Poços Já: E na prefeitura?
Gláucia: Eu tive a honra de estar vice-prefeita por quatro anos. Não fui uma vice-prefeita comum, trabalhei dentro de duas grandes secretarias, não fiquei no gabinete de vice-prefeita. Assumi uma secretaria de Administração por quase dois anos. Infelizmente perdemos o nosso primeiro secretário. E fiz com muita responsabilidade e muito apoio por parte dos funcionários públicos. Assumi uma secretaria de Governo, que também é outra grande responsabilidade, que demanda tempo, demanda dedicação. Mas que, tão igual à Administração, tem uma equipe de ponta de trabalho, que não te desampara. Houve alguns ônus politicamente? Houve. Mas a minha responsabilidade maior era com a nossa gente.
Poços Já: Como foi ficar entre seu partido e o prefeito, que estavam rompidos?
Gláucia: Quando houve uma ruptura política do prefeito com o qual trabalhava com o partido ao qual eu sou ligada, eu em momento algum diminuí meu ritmo de trabalho. Eu honrei até o último dia, indo à prefeitura e trabalhando, respondendo com responsabilidade e fidelidade àqueles que votaram na gente.
Poços Já: Não pretende voltar tão cedo, mas pretende voltar?

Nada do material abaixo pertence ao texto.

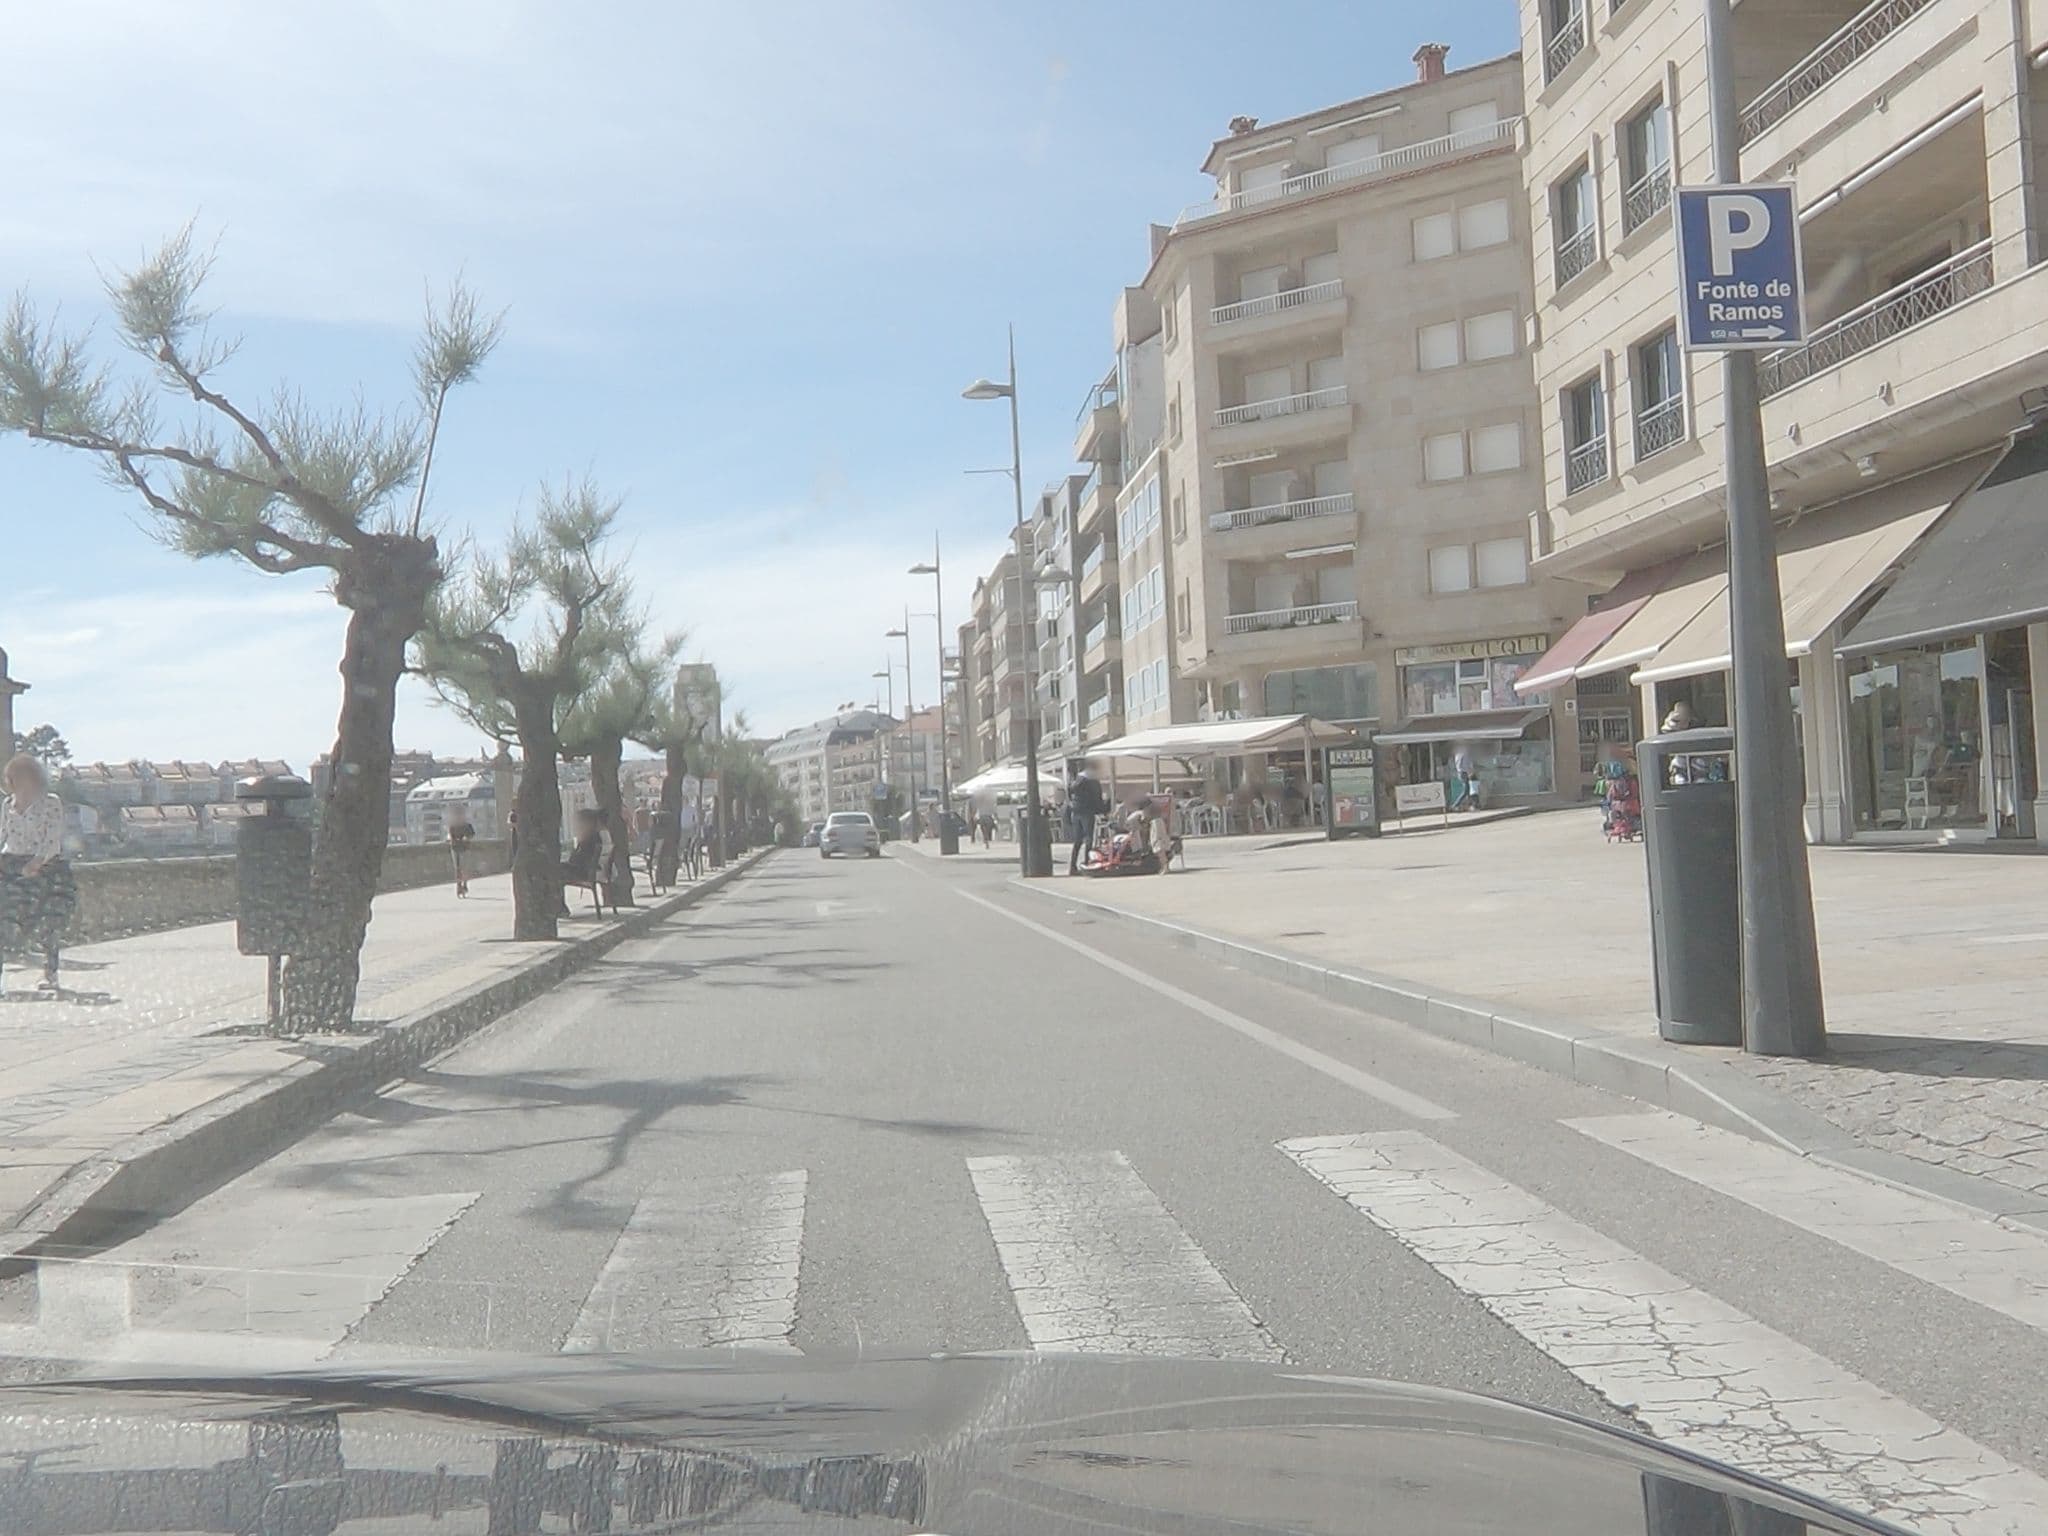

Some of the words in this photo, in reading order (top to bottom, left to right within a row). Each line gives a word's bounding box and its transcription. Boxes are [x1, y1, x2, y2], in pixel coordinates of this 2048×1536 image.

Gláucia: Eu não sei, o futuro a Deus pertence.
Poços Já: Gostaria?
Gláucia: Eu acho que estou nesse mundo para servir. No momento eu estou servindo a APAE que, como qualquer outra entidade, passa por muita dificuldade. Eu gosto, eu amo o que eu faço. Ao mesmo tempo eu tenho o lado familiar. Eu fiquei muito tempo fora de casa, no tempo em que estive na vida pública, porque você acaba não tendo tempo. Você acaba deixando mesmo, você deixa o almoço de domingo, o passeio de sábado. Com a APAE também você deixa, mas muito menos. Eu tenho filhos, o tempo vai passando e os filhos estão moços. É preciso a gente acompanhar. Contribuir sim. Nossa, de qualquer forma que eu puder contribuir com a nossa cidade, se eu puder estou aqui. Mas no momento me dedicando integralmente à APAE. E desejando sucesso a quem estiver lá, com certeza.